Specifically, be (30 mg, 0.153 mmol) and pf-sbz (41.5 mg, 0.153 mmol) were dissolved in a solution of acetonitrile (2 mL) containing sbn (13.79 mg, 0.077 mmol). The vial was heated until the solution adopted a clear red coloration. Single crystals of be-pf-sbz⊃sbn in the form of orange plates were observed after 2 days of slow evaporation.
A scXRD analysis revealed the components of be-pf-sbz⊃sbn to crystalize in the monoclinic space group P21/n (Figure 3) (see Supplementary Table 2 for crystallographic parameters). The asymmetric unit consists of one molecule of be-pf-sbz and one-half molecule of sbn. The larger B←N bond distance (1.802(4) Å) and smaller THC (64.8°) of be-pf-sbz⊃sbn is indicative of the channel confinement of the rigid guest sbn to result in a weaker B←N interaction (Höpfl, 1999). The coplanarity (8.6°) and orthogonality (89.5°) of the host effectively maximize the π-πF interactions with sbn (centroid···centroid = 4.013 Å) and establish additional π-πN contacts (centroid···centroid = 4.110 Å). Thus, sbn acts in turn as a coplanar channel “template” (Langley and Hulliger, 1999) (Figure 3A). Additional edge-to-face C–H···π interactions of be-pf-sbz sustain sbn in channels along the a-axis (Figure 3B). Although the overall packing is close to being isostructural with be-pf-sbz⊃ben [sbn occupies the same unit cell volume (25.1%)], the total cell volume increases by approximately 160 A3, in agreement with the higher molecular mass of sbn.
Figure 3. X-ray structure be-pf-sbz⊃sbn: (A) stacking involving T-shaped adducts be-pf-sbz⊃sbn, (B) space-fill view of channel confinement along the a-axis.
Generation of Apohost
When m- and p-xylene xylenes were used as crystallization solvents, the formation of prohost be-pf-sbz was observed vs. a solvate. Single crystals in the form of pale-yellow plates of pure be-pf-sbz were obtained by slow evaporation of a p-xylene solution (2 mL) of be (30 mg, 0.153 mmol) and pf-sbz (41.5 mg, 0.153 mmol).
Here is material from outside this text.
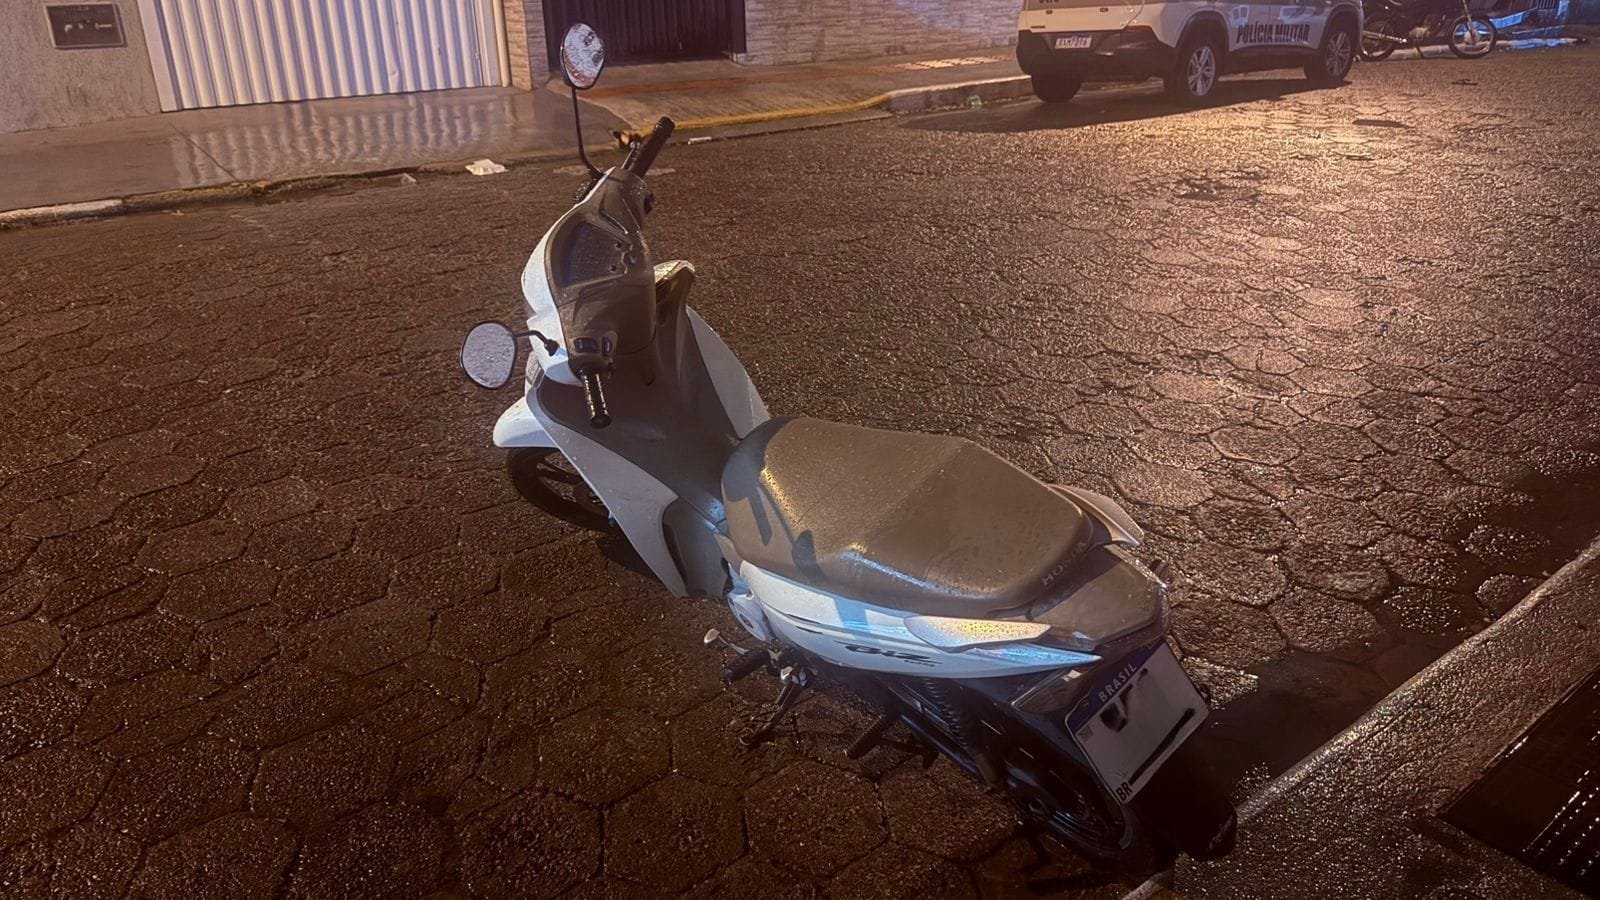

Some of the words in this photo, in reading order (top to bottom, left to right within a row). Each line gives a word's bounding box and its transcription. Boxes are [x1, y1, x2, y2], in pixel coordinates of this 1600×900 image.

[1236, 21, 1273, 43] POLÍCIA
[1275, 24, 1310, 42] MILITAR
[1098, 663, 1138, 703] BRASIL
[1115, 781, 1133, 801] BR
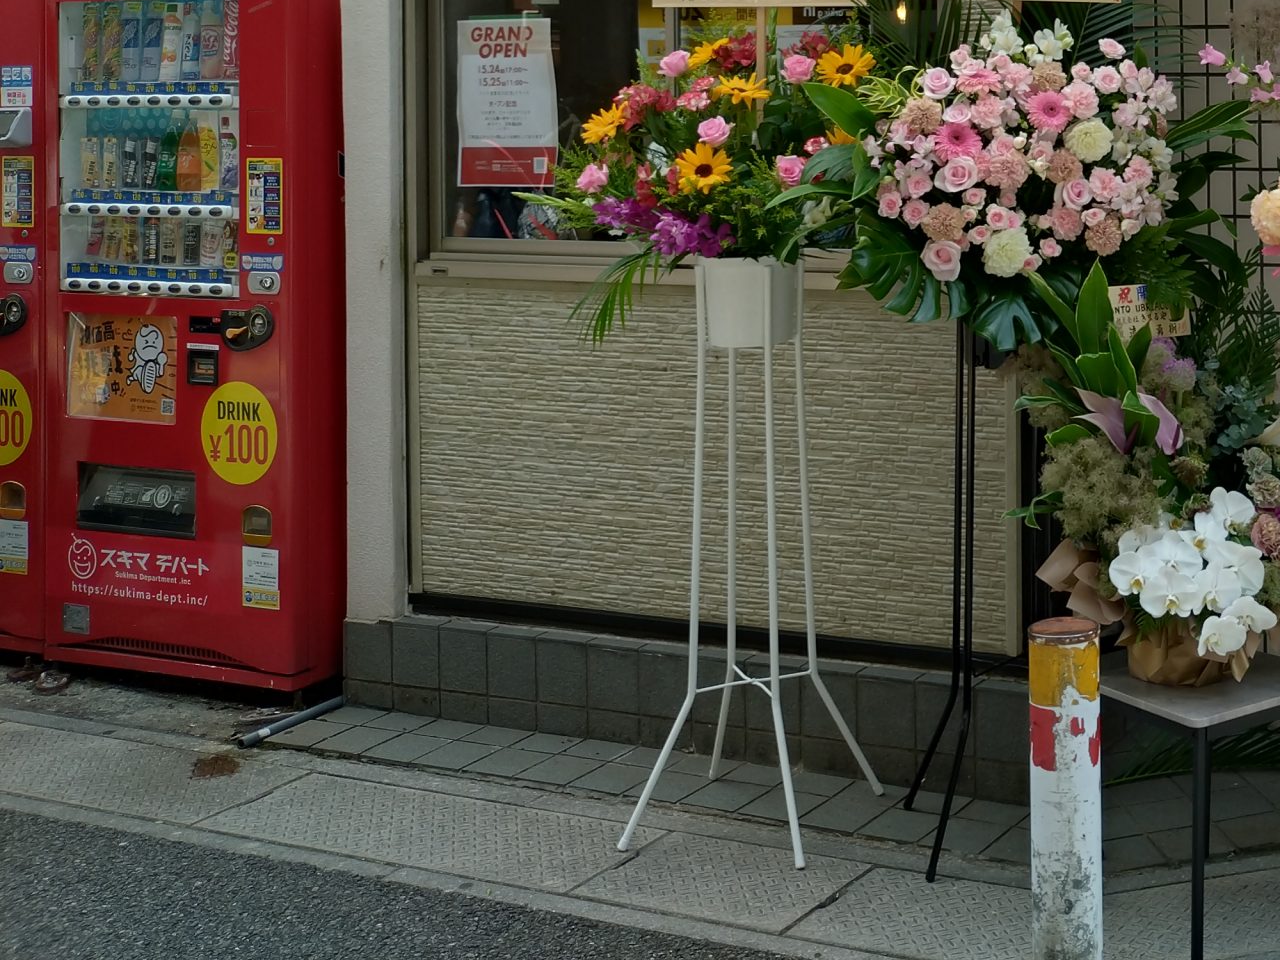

A scXRD analysis revealed be-pf-sbz to crystallize in the monoclinic space group P21/c with a single molecule of be-pf-sbz in the asymmetric unit (Figure 4). The B←N bond [1.678 (4) Å] and THC (71%) are similar to be-pf-sbz solvates. The fluorinated alkene exhibits a twisted conformation (16.6°) less orthogonal (84.4°) to C1, O1, and O2 of be vs. the solvates and cocrystal (Figure 4A). Notably, be-pf-sbz molecules display a herringbone arrangement primarily sustained by π-πF interactions (centroid··· centroid = 3.676 Å) between the electron-deficient region of (i.e., fluorinated alkene) and the catecholate motif of an adjacent molecule. Bifurcated C–H···F contacts further form chains along the c-axis (Figures 4B,C). The presence of destabilizing C–F···π contacts (Vangala et al., 2002) is also observed. The self-assembly behavior of be-pf-sbz in the presence of m- and p-xylenes likely reflects inadequate surface area of the guests (Swift et al., 1998; Couderc and Hulliger, 2010), which effectively prevents the formation of a crystalline channel architecture. Hartree-Fock calculations (3-21G basis set) of the three xylene isomers revealed o-xyl to be effectively more compact (surface area: 146.2 Å2, volume: 134.3 Å3) than m- and p-xylenes (surface areas: 149.4 and 149.6 Å2, volumes: 134.7 and 134.8 Å3, respectively) owing to the shorter separation between the methyl groups.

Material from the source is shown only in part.